- Festival release poster
- French: Comme le feu
- Directed by: Philippe Lesage
- Written by: Philippe Lesage
- Produced by: Galilé Marion-Gauvin
- Starring: Noah Parker; Aurélia Arandi-Longpré;
- Cinematography: Balthazar Lab
- Edited by: Mathieu Bouchard-Malo
- Production companies: Unité Centrale; Shellac Sud;
- Distributed by: Be For Films
- Release date: 17 February 2024 (Berlinale);
- Running time: 161 minutes
- Countries: Canada; France;
- Language: French

= Who by Fire (film) =

2024 Canadian-French film directed by Philippe Lesage

Who by Fire (Comme le feu) is a 2024 Canadian-French drama film written and directed by Philippe Lesage. The film, starring Noah Parker and Aurélia Arandi-Longpré, is about a film-loving teenager Jeff, who spends a vacation with his best friend Max's family in a remote log cabin.

It was selected in the Generation 14plus section at the 74th Berlin International Film Festival, where it had its world premiere on 17 February and won the Grand Prix of the International Jury of Generation.

==Synopsis==

Jeff, a 17-year-old boy, joins his best friend Max's family for a visit to a large and secluded mansion in the forest of Blake Cadieux, a director he looks up to, and he has a secret crush on Alyocha, his friend's older sister, so he has high expectations for the trip. He feels strong emotions during this trip where he also observes the sometimes harmful power relations among a group of adults. Cadieux, whom Jeff thought of as a possible mentor, does not turn out to be the role model he had hoped for.

==Cast==

- Noah Parker as Jeff
- Aurélia Arandi-Longpré as Aliocha
- Antoine Marchand Gagnon as Max
- Arieh Worthalter as Blake Cadieux
- Paul Ahmarani as Albert Gary
- Sophie Desmarais as Émilie
- Laurent Lucas as Eddy
- Irène Jacob as Hélène

==Production==

The film was produced by Unité Centrale and Shellac Sud. Belgium's Be for Films has the international sales rights of the film.

Balthazar Lab did the photography and Mathieu Bouchard-Malo did the editing for the film.

==Release==

Who by Fire had its World premiere on 17 February 2024, as part of the 74th Berlin International Film Festival, in Generation 14plus.

The film had its Canadian premiere on September 18 in the Features Canada program at the 2024 Cinéfest Sudbury International Film Festival in Sudbury, Ontario. It was also screened at the 2024 Vancouver International Film Festival on 3 October 2024. It also made it to Main Slate of 2024 New York Film Festival and was screened at the Lincoln Center in October 2024.
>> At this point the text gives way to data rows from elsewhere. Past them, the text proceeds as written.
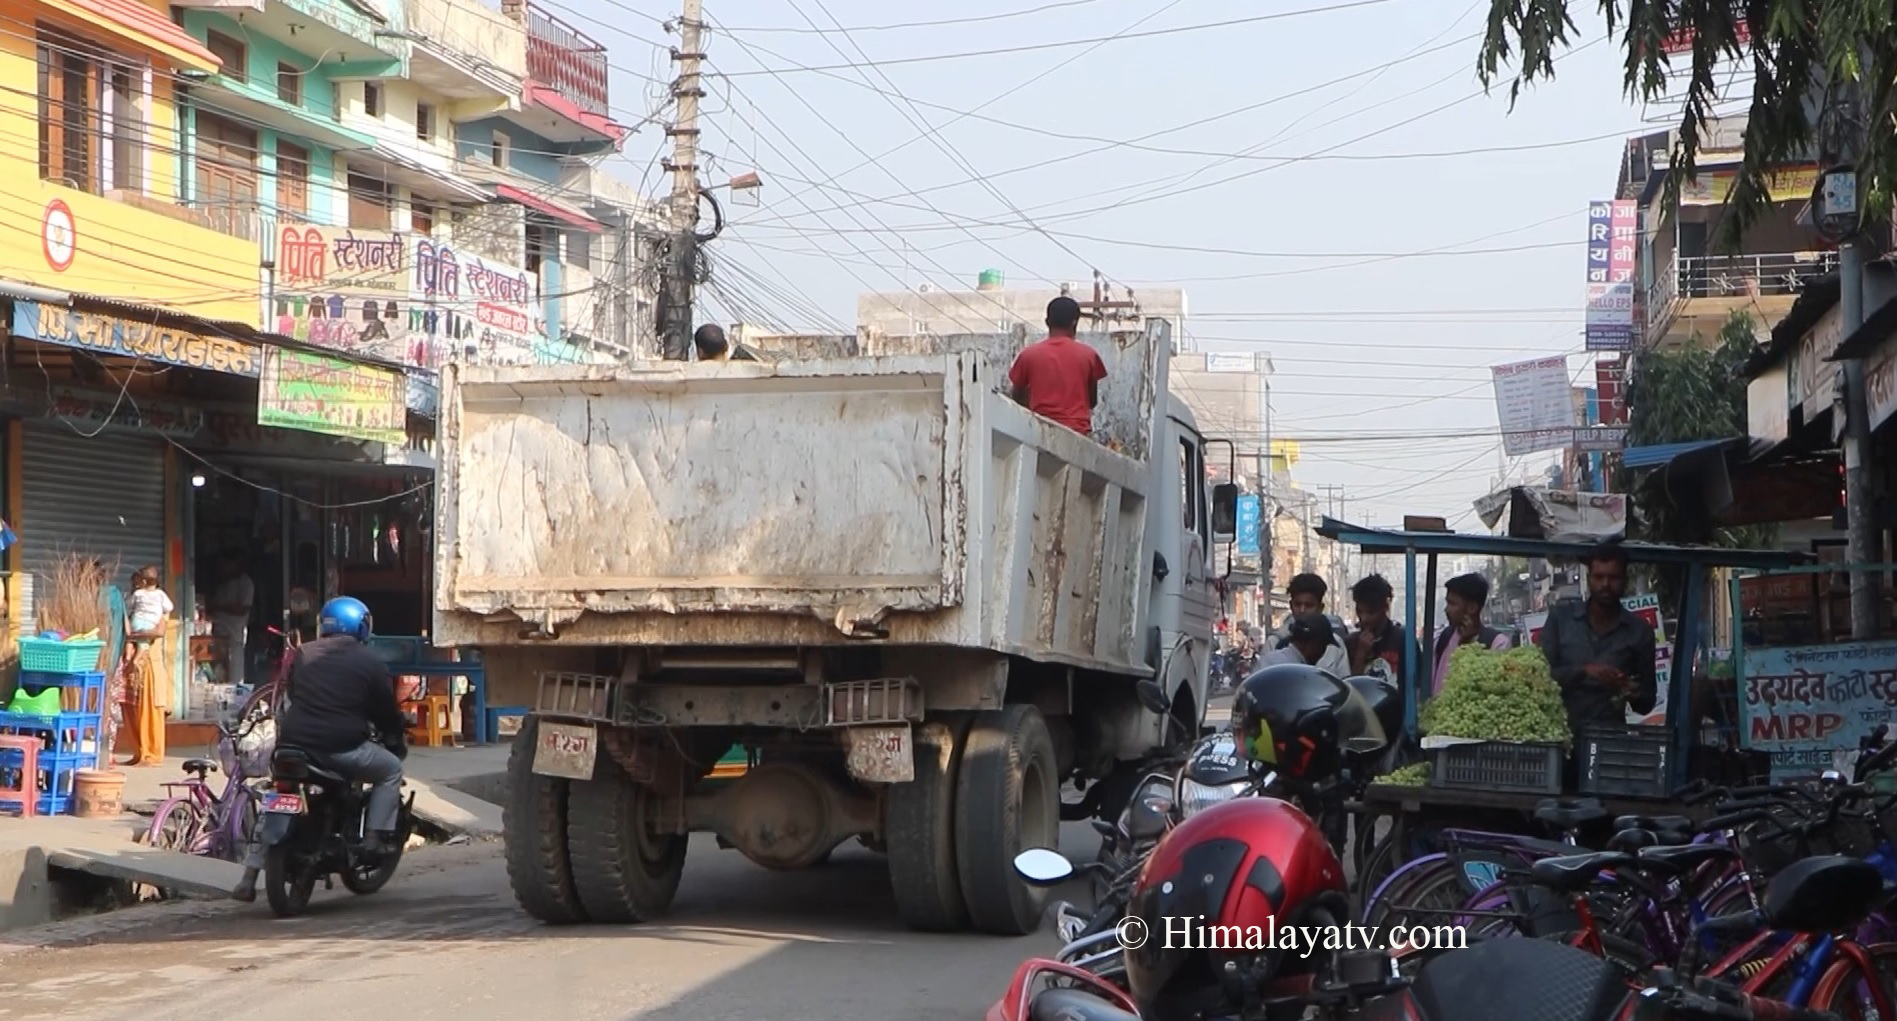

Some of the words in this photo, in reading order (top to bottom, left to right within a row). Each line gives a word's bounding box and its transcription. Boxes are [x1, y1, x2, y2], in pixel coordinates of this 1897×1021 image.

[333, 230, 404, 274] स्टेशनरी
[465, 258, 529, 308] स्टेशनरी
[1616, 298, 1631, 308] EPS
[1575, 429, 1598, 441] HELP
[1600, 428, 1628, 441] NEPA
[1752, 713, 1842, 741] MRP
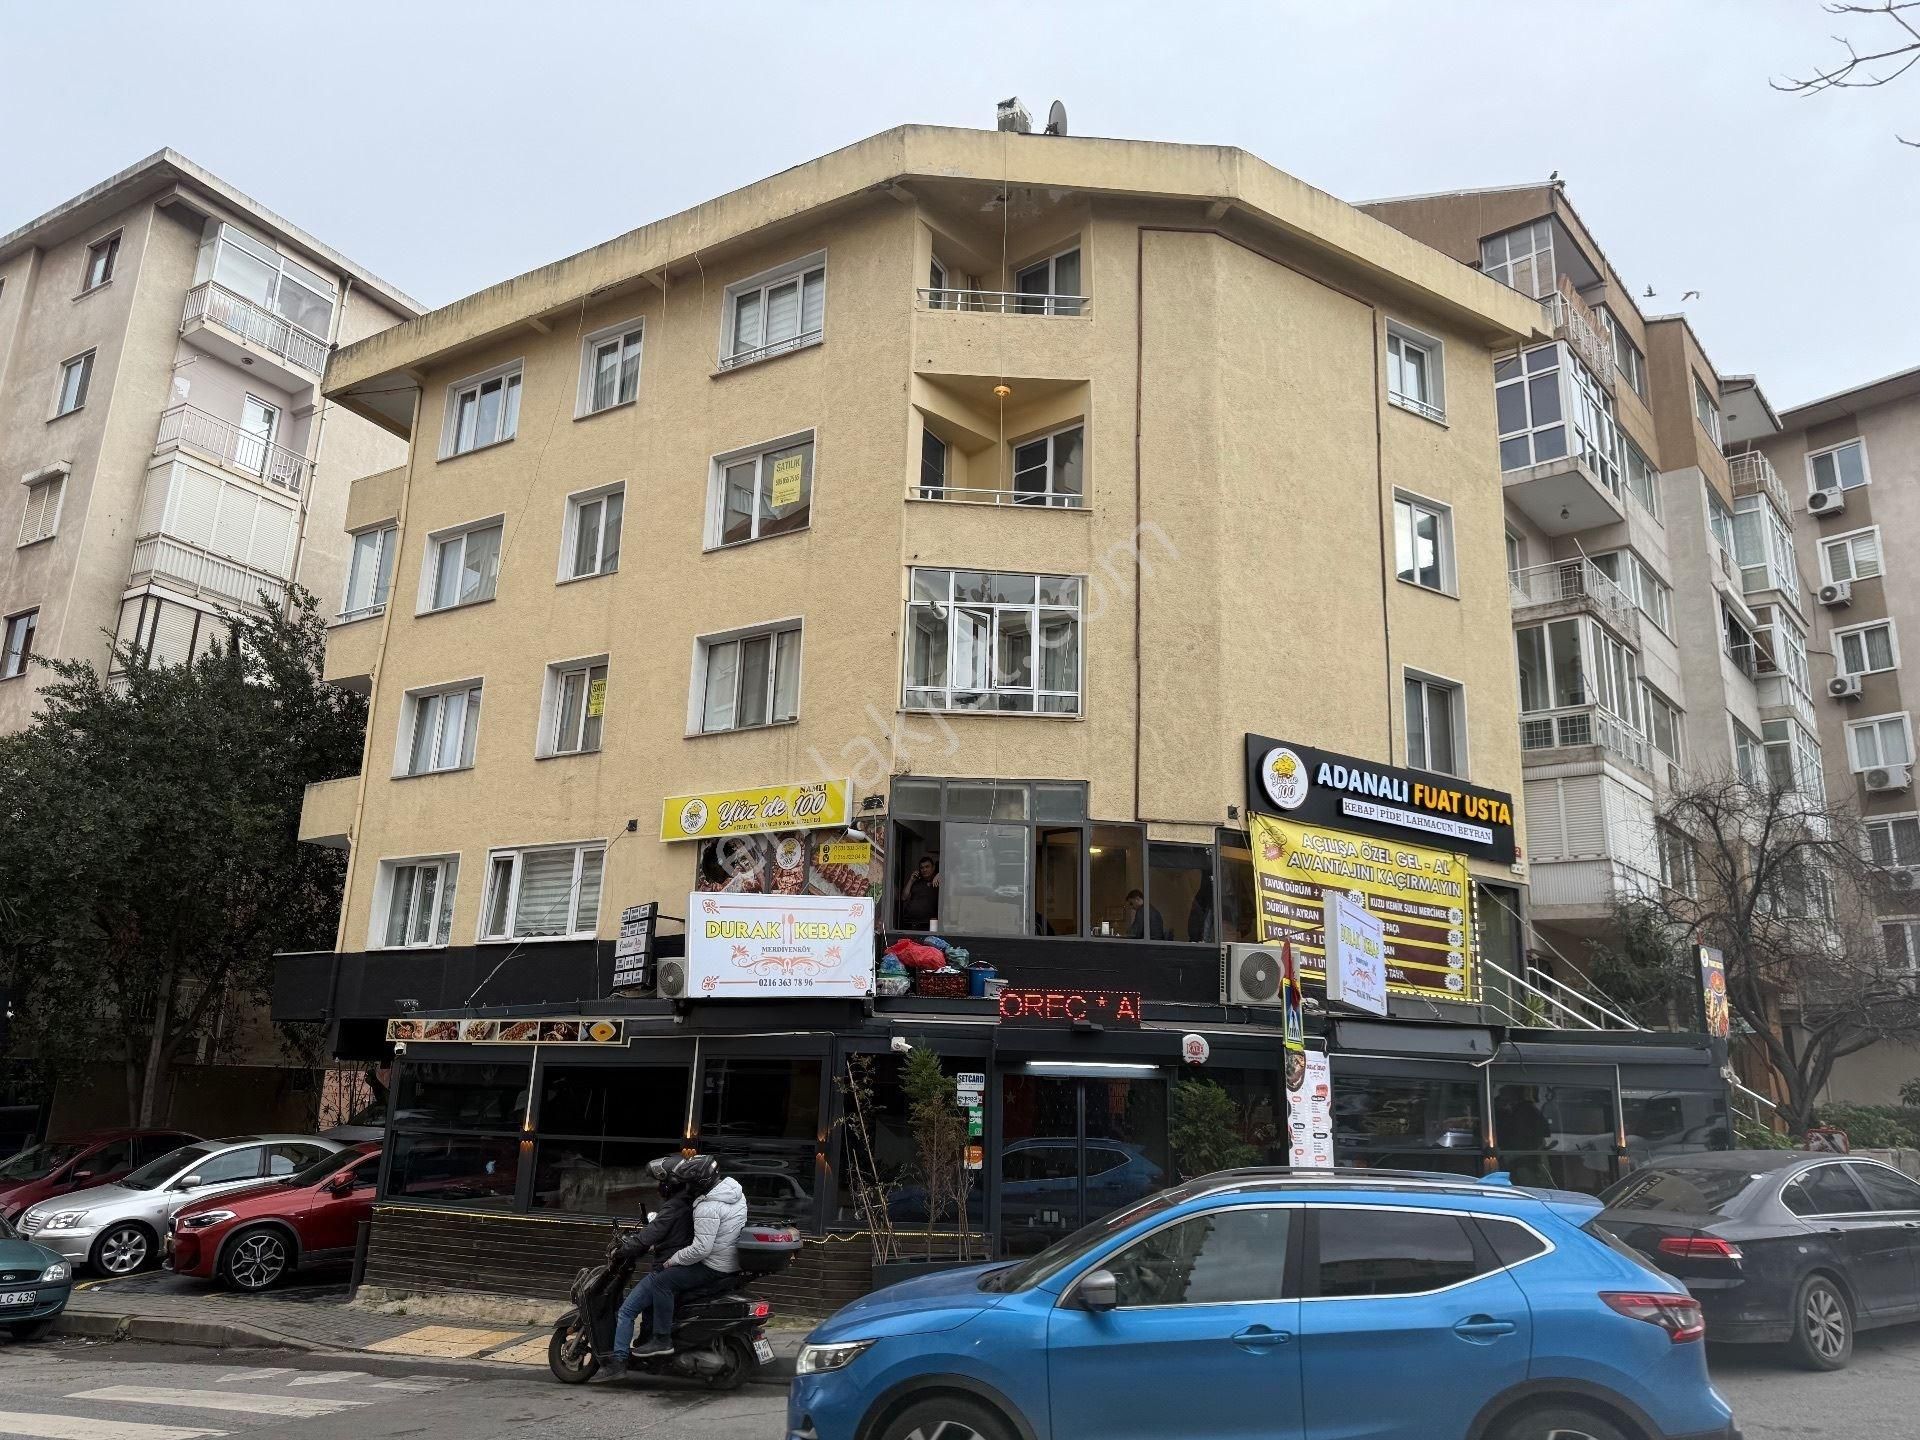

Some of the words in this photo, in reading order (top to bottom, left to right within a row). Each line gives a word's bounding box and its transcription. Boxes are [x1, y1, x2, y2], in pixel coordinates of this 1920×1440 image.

[777, 458, 800, 473] SATILIK
[1277, 785, 1295, 799] 100
[1317, 762, 1409, 803] ADANALI
[1414, 783, 1461, 814] FUAT
[1465, 794, 1511, 825] USTA
[792, 792, 827, 817] 100
[1344, 801, 1375, 816] KEBAP
[1380, 808, 1401, 822] PİDE
[1406, 814, 1454, 833] LAHMACUN
[1457, 826, 1491, 841] BEYRAN
[1302, 833, 1358, 858] AÇILIŞA
[1361, 841, 1392, 864] ÖZEL
[1396, 852, 1421, 870] GEL
[1433, 860, 1450, 875] AL
[1288, 852, 1374, 882] AVANTAJINI
[1377, 867, 1461, 897] KAÇIRMAYIN
[1264, 878, 1285, 891] TAVUK
[1285, 882, 1311, 896] DÜRÜM
[1266, 900, 1290, 915] DÜRÜM
[1296, 908, 1319, 921] AYRAN
[1370, 898, 1385, 908] KUZU
[1404, 904, 1418, 915] SULU
[1419, 906, 1447, 919] MERCİMEK
[705, 920, 782, 939] DURAK
[794, 921, 857, 940] KEBAP
[758, 979, 777, 987] 0216
[778, 979, 792, 987] 363
[794, 979, 802, 987] 78
[804, 979, 813, 987] 96
[958, 1074, 984, 1083] SETCARD
[17, 1292, 35, 1302] 439
It went into commercial release on December 6, 2024.

==Reception==

Andreas Köhnemann reviewing in Kino Zeit at Berlinale rated the film with three and half stars and appreciated the direction and cinematography stating, "Lesage and his cameraman Balthazar Lab skillfully capture the mixture of subliminal and abruptly emerging accusations and malice." Concluding Köhnemann wrote, "You don't need devils, slashers or death viruses to create the feeling of danger, emotions at the point of escalation are completely sufficient."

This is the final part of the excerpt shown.